BEGIN Record set

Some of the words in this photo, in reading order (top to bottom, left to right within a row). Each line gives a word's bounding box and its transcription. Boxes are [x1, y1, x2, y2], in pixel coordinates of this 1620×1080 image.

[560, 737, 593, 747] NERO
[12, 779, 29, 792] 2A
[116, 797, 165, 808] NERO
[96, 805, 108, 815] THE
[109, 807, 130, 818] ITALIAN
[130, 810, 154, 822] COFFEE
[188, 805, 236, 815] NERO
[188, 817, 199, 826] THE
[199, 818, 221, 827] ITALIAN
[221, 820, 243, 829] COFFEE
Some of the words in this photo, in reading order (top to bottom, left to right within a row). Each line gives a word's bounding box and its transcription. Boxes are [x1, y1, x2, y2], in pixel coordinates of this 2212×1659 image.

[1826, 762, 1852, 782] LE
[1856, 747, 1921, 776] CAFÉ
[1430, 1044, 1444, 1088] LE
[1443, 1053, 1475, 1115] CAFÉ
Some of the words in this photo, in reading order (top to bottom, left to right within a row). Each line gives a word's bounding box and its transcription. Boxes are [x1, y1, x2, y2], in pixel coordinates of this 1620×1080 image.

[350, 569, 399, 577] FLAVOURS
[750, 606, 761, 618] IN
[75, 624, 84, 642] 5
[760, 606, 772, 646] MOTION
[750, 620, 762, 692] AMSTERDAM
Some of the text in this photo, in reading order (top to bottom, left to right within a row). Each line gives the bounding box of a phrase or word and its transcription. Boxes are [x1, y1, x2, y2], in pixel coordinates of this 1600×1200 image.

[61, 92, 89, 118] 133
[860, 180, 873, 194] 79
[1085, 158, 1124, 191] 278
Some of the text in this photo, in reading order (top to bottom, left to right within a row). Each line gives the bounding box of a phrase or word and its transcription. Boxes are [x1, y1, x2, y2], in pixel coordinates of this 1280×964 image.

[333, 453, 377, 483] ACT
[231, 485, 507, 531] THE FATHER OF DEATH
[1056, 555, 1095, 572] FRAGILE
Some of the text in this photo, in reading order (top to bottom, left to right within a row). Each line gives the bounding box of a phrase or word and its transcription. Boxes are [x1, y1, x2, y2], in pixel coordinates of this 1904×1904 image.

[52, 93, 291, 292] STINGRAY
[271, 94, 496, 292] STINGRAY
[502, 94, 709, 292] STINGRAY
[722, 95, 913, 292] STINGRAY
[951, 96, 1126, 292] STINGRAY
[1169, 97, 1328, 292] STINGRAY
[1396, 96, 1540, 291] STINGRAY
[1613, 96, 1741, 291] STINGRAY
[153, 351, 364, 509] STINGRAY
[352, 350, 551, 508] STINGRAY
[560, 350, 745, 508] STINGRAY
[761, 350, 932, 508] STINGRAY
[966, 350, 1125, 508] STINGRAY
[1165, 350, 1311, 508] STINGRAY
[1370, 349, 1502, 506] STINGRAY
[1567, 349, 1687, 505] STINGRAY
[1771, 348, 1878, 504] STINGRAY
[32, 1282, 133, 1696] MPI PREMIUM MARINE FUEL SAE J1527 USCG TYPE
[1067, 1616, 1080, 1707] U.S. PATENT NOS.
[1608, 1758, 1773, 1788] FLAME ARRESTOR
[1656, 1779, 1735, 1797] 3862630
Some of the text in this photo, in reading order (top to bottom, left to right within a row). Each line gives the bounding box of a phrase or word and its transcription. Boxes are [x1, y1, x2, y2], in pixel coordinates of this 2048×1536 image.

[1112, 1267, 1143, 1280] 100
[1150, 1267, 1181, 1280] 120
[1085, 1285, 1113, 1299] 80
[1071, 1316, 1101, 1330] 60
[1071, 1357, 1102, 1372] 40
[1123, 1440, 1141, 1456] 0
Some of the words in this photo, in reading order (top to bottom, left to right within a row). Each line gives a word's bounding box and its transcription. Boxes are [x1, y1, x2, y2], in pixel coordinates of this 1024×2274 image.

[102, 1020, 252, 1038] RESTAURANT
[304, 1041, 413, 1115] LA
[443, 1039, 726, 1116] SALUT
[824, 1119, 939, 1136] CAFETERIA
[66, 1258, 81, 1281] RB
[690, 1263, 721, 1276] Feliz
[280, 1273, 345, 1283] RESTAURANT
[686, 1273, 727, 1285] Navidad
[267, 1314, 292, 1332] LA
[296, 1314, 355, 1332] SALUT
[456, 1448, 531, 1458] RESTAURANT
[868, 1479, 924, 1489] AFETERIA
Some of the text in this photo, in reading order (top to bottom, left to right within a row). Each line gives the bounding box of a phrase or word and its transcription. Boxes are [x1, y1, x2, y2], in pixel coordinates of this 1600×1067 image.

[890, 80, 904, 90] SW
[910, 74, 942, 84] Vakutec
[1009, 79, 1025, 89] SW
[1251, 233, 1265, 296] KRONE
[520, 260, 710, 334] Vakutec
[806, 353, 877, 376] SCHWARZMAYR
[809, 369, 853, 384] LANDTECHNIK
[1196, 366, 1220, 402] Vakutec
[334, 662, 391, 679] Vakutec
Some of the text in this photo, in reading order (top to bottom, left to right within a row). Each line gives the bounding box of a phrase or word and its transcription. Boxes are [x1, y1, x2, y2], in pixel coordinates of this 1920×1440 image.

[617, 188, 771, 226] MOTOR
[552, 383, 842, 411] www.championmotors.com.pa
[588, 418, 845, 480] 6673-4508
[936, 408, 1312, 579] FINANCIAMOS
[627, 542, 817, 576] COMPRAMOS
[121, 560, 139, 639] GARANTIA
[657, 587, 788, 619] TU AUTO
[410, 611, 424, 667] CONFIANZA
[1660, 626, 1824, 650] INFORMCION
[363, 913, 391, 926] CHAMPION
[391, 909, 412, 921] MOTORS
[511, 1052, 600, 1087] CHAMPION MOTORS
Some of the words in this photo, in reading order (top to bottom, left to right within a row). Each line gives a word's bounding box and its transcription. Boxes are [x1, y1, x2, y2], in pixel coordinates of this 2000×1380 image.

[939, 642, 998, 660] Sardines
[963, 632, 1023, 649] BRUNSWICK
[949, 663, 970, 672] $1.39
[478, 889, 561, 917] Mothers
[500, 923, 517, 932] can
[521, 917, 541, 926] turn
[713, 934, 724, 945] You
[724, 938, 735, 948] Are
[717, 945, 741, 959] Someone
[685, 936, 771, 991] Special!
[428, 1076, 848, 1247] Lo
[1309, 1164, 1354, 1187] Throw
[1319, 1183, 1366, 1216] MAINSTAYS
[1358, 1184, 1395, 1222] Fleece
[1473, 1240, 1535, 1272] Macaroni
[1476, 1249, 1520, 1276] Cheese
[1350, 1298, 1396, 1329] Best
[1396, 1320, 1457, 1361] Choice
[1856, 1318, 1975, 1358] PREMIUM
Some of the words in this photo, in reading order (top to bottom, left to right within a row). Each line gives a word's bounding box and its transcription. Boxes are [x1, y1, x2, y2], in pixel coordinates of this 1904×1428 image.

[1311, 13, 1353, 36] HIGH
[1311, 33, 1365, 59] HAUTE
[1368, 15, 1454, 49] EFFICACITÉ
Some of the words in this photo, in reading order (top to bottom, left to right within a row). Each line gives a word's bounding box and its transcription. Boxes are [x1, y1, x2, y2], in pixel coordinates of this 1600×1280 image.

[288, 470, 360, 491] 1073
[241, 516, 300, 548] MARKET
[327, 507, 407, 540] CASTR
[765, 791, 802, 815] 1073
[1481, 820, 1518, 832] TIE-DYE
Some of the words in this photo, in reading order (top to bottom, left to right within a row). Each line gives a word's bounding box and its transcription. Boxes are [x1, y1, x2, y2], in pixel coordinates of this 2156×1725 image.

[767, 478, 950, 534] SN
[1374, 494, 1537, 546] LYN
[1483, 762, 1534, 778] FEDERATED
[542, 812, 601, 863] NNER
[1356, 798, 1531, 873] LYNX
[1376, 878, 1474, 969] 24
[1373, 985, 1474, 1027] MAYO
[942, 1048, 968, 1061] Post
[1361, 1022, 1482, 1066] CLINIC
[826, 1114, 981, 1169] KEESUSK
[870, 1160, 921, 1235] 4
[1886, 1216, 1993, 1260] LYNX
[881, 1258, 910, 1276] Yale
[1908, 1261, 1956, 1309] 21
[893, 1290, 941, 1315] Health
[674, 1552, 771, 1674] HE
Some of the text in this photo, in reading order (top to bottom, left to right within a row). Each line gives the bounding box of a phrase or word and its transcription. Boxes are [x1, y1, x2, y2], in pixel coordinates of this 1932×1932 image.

END Record set

What to produce - Leave out every line before the one containing "this 1600×1280 image.". Transcribe that line and all lines after it through the end of the data above, exactly.

Output below -
Some of the words in this photo, in reading order (top to bottom, left to right within a row). Each line gives a word's bounding box and its transcription. Boxes are [x1, y1, x2, y2], in pixel coordinates of this 1600×1280 image.

[288, 470, 360, 491] 1073
[241, 516, 300, 548] MARKET
[327, 507, 407, 540] CASTR
[765, 791, 802, 815] 1073
[1481, 820, 1518, 832] TIE-DYE
Some of the words in this photo, in reading order (top to bottom, left to right within a row). Each line gives a word's bounding box and its transcription. Boxes are [x1, y1, x2, y2], in pixel coordinates of this 2156×1725 image.

[767, 478, 950, 534] SN
[1374, 494, 1537, 546] LYN
[1483, 762, 1534, 778] FEDERATED
[542, 812, 601, 863] NNER
[1356, 798, 1531, 873] LYNX
[1376, 878, 1474, 969] 24
[1373, 985, 1474, 1027] MAYO
[942, 1048, 968, 1061] Post
[1361, 1022, 1482, 1066] CLINIC
[826, 1114, 981, 1169] KEESUSK
[870, 1160, 921, 1235] 4
[1886, 1216, 1993, 1260] LYNX
[881, 1258, 910, 1276] Yale
[1908, 1261, 1956, 1309] 21
[893, 1290, 941, 1315] Health
[674, 1552, 771, 1674] HE
Some of the text in this photo, in reading order (top to bottom, left to right within a row). Each line gives the bounding box of a phrase or word and its transcription. Boxes are [x1, y1, x2, y2], in pixel coordinates of this 1932×1932 image.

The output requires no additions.